そんな彼女の想いを、ザックの意地悪な言葉は容赦なく踏み躙った。
(ああ、マリオン……! ザックが言ってることなんて気にしなくていいのに……!)
青ざめた顔でクロエを振り返ったマリオンの目には、涙が浮かんでいた。
「ごめんね、クロエ。怖かったよね。私のせいで……」
「あなたのせいなんかじゃない! 私が入れ替わりたいって言ったんだから! ――ちょっとザック・ニール! 何も知らないくせに、マリオンにひどいこと言わないで!」
「ははは。悪者は俺だって言いたいの? ひどいなあ。安易な考えで偽物と入れ替わったのは君たちだろう? この状況は、考えなしの行動が招いた結果なのに」
「――これ以上、僕の婚約者にひどいことをしないでくれるかな?」
冷たい声で言い放ったのは、スティードだ。
スティードの声音には、静かに沸き立つ怒りが滲んでいて、さすがのザックもヘラヘラした表情を引き締めた。

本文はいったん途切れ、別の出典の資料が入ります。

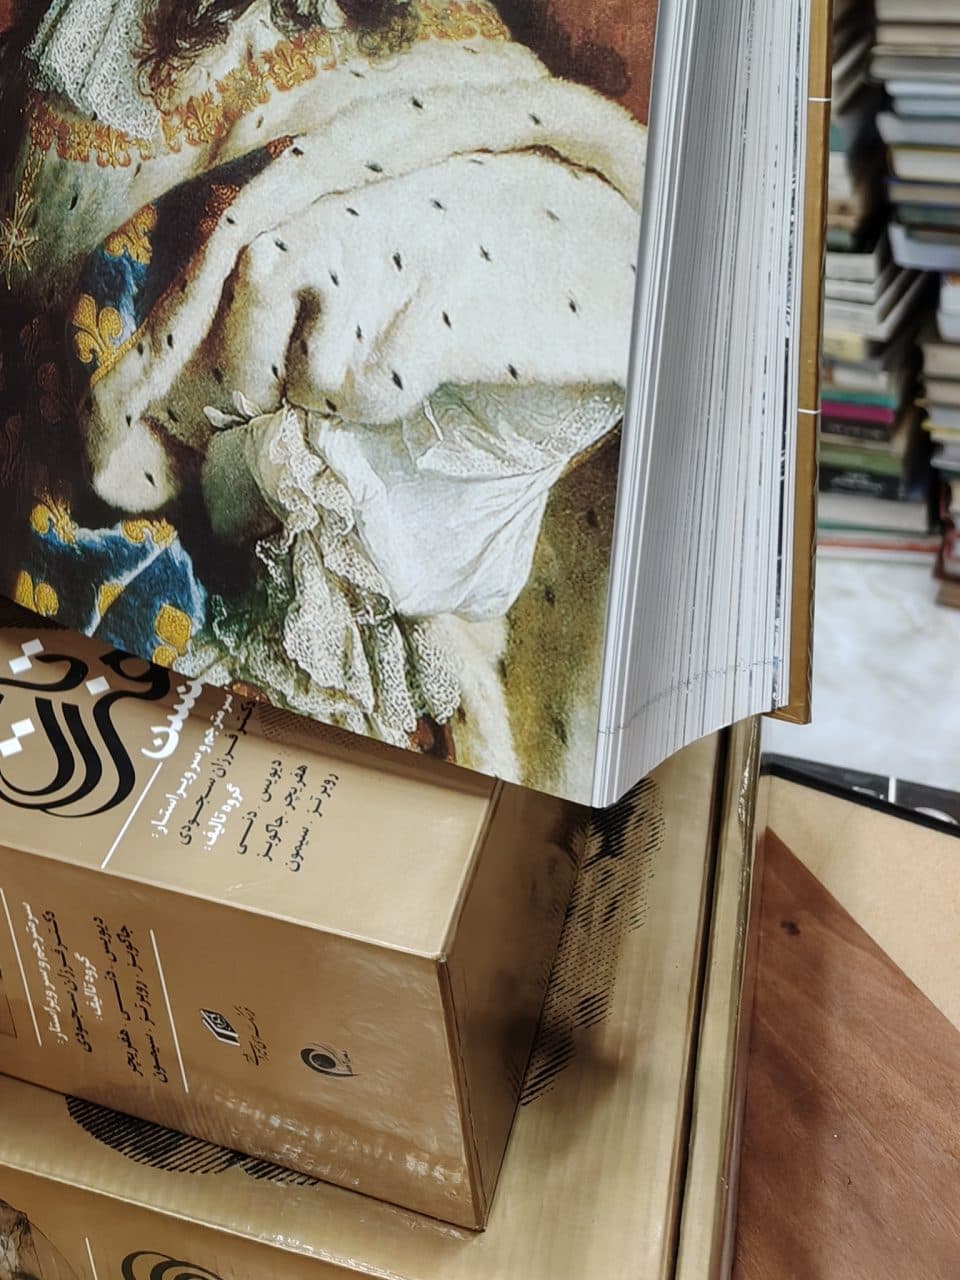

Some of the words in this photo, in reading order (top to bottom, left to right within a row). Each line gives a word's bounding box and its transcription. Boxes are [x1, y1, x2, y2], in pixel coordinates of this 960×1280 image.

別に声を荒げたりしていないのに、今のスティードには圧倒されるような凄味がある。
「入れ替わりを責める権利なんて君にはないだろう。君だってザック・ニールの偽物なんだから」
クロエは思わず目を見開いた。
今日一番、衝撃を受けたと言っていい。
そのせいで理解がまったく追いつかない。
(だって……。ザックが偽物って……)
混乱したまま、スティードの次の言葉を待つ。
その直後――。
信じられないことに、スティードは挑むような眼差しを向けた相手のことを、驚くべき名で呼んだ。
「君の本当の名は、オリヴァー・ブルーム。そうだね?」
思わぬ名前が飛び出し、身がすくむような思いがした。
オリヴァ・ブルーム。
彼はゲームに出てくる三人目の攻略対象であり、この避暑地のイベントでキーパーソンとなる人物だ。